The proof given for the statement
$$\exists \: q, \, r \in \mathbb{N} \; (n = q \times m + r \wedge r < m)$$
looks like:
- Let $n \in \mathbb{N}$, $m \in \mathbb{N}^+$
- Let $S = \{ s \in \mathbb{N} \; | \; \exists q \in \mathbb{N} \; (s = n - (q \times m)) \}$
We prove $S$ contains at least 1 natural number
- We know $n = n - (0 \times m)$
- Therefore $n \in S$
- Therefore $S$ is not empty
We prove $S$ contains a smallest element
- We know $S \subset \mathbb{N}$
- We know $S$ is not empty (from 3)
- Therefore $S$ contains a smallest element as $\mathbb{N}$ well ordered
Let $r$ be the smallest element in $S$
- We know $\exists q \in \mathbb{N} \; (r = n - (q \times m))$ by dfn. of $S$
- Therefore $n = (q \times m) + r$
We prove $r < m$
Lets assume $r \ge m$
- $n - (q \times m) \ge m$
- $n - (q \times m) -m \ge 0$
- $n - ((q + 1) \times m) \ge 0$
- $n - ((q+1) \times m) \in S$
- $n - ((q+1) \times m) = r - m$
- $n - ((q+1) \times m) < r$ (becos $m \in \mathbb{N}^+$)

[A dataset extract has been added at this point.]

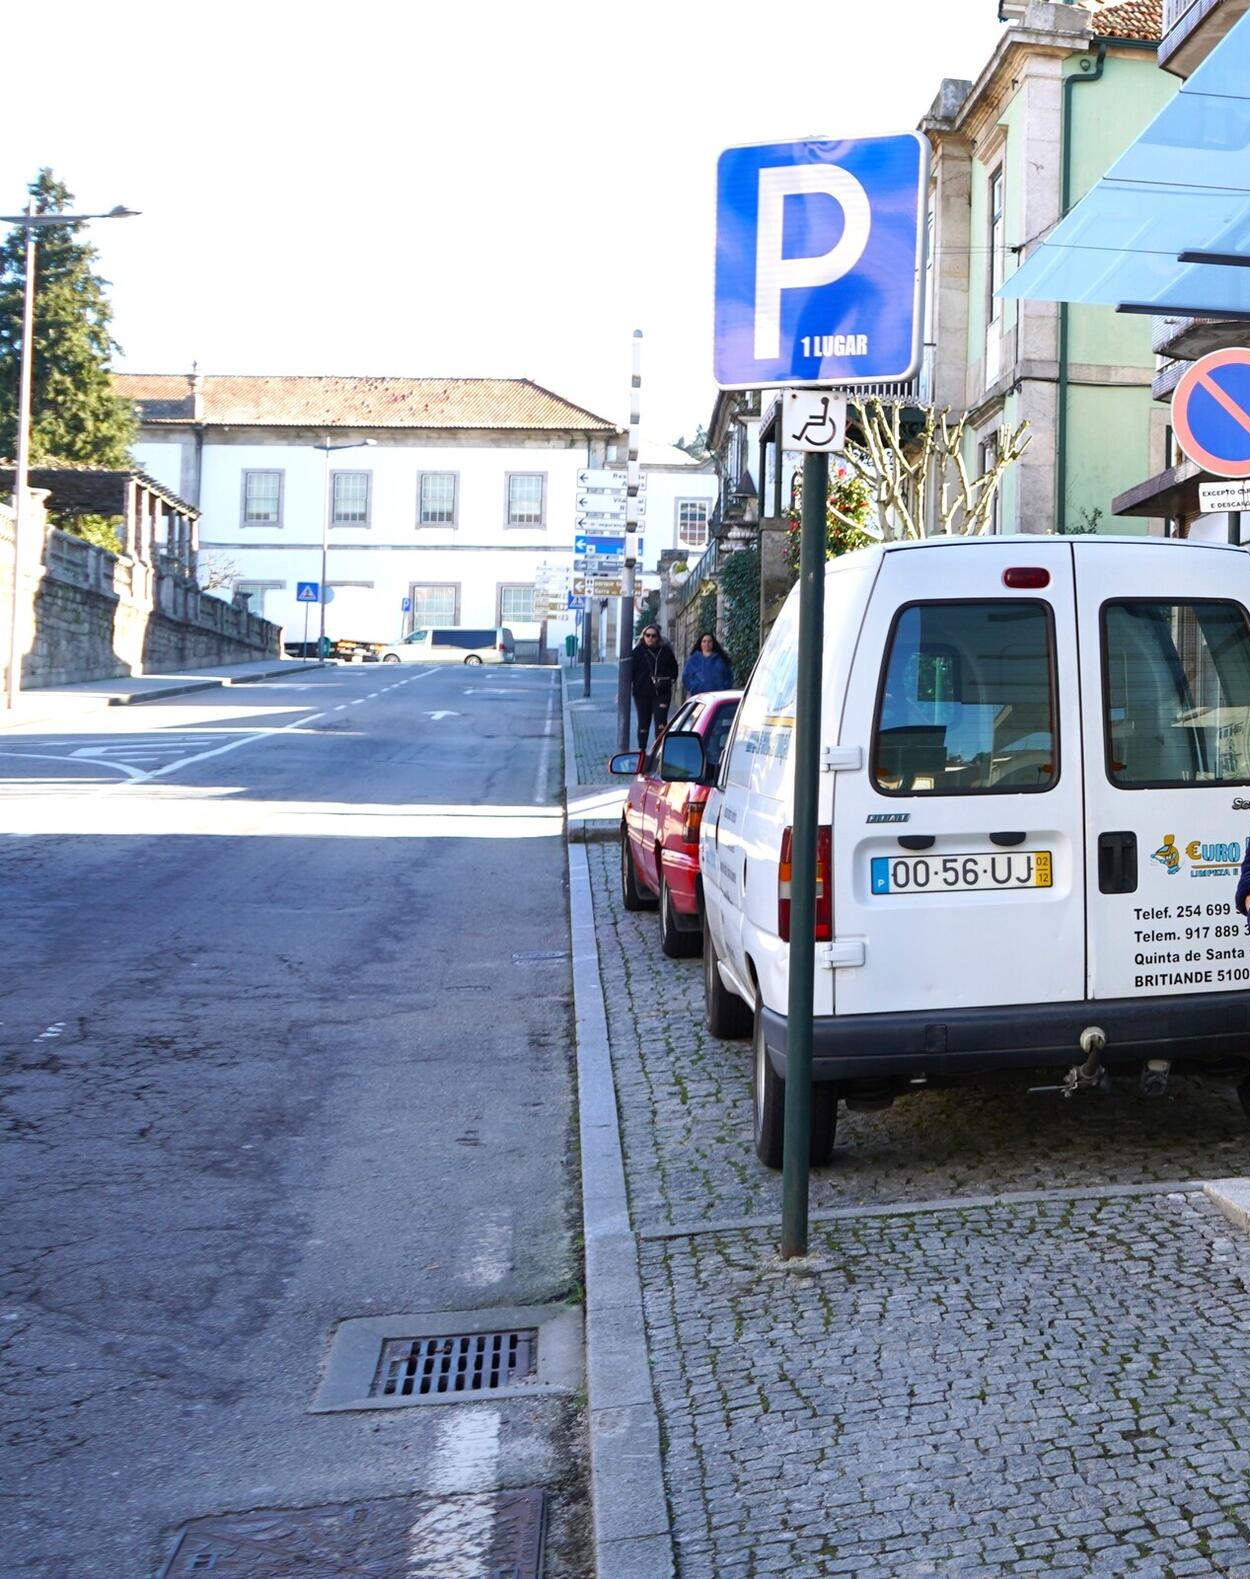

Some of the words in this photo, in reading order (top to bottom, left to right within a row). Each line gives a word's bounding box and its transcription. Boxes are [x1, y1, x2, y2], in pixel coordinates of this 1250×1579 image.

- $r$ is not the smallest element (contradiction)
- $r < m$
A few questions
- Is $S$ the set of possible remainders? If so, how can the divined ($n$) be in the set of possible remainders?
- Why might $r$ be the smallest element in $S$?
- Can someone explain the rationale behind steps 8.1.2 - 8.1.5?